According to Alderson, ES File Explorer launches an HTTP server on port 59777. This leaves your phone wide open to anyone on the local network with enough knowledge to exploit it. An attacker can use that port to inject a JSON payload. They can get information about the apps and files you have, and then it's a simple matter to download your data over the network. I have no way of knowing this, but it seems like this may be related to the app's file sharing feature. See below for a video demo.

ES File Explorer has north of 100 million downloads, so that could mean a lot of vulnerable devices out there. Thankfully, the attack only works over local networks. It's a good idea in general not to be on a network with untrusted people and devices, but this really drives the point home. Alderson says the vulnerability is in v4. and lower, and the Play Store page lists the same build. So, you aren't even safe on the latest version. There's no word from the developers yet, but ES File Explorer is still actively developed. Presumably, an update is forthcoming.

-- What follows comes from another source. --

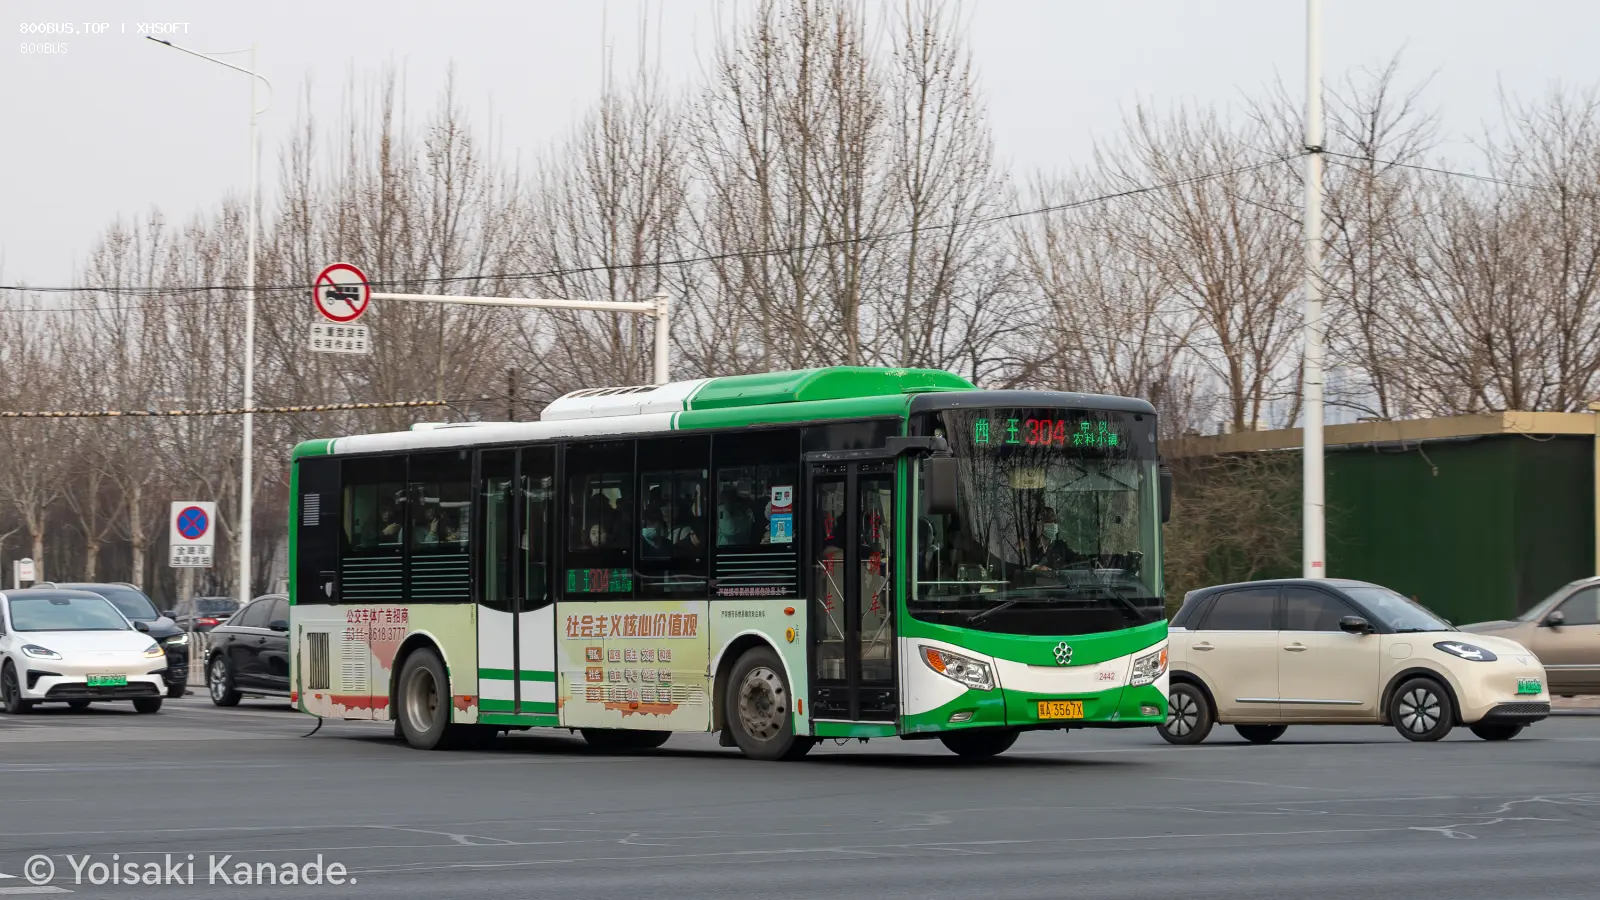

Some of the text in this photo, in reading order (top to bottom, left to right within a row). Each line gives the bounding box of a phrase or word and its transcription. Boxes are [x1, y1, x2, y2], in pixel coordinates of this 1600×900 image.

We reached out to the ES File Explorer devs to try and get their side of the story, or at least find out if steps were being taken to eliminate this vulnerability. Sure enough, the devs claim to be on top of this and have come up with a fix:

"We have fixed the http vulnerability issue and released it. Waiting for the Google market to pass the review."

The most recent build in the Play Store is still the v4. one released this past Monday, so that review is apparently ongoing. Hopefully we'll see the fix land shortly.

While it was good to hear that a fix was in the works, we still had questions. And in particular, was the "http vulnerability" the devs mentioned the primary file-access one, or could it be focused on the MITM attack that also emerged as this story developed? Based on what they're telling us now, both of these glitches may have been resolved:

"The issue of unauthorized copying of files has been fixed by removing the corresponding code. The way a man-in-the-middle attack is avoided by the way the server upgrades."

We feel like something's getting a little lost in translation on that MITM bit, so we'll keep you posted if we learn anything else.

Finally, the updated ES File Explorer app has popped up on the Play Store (and at APK Mirror), and now at v4.1.9.9, informs users in its release notes that "Fix http vulnerability in LAN" has been checked off the to-do list.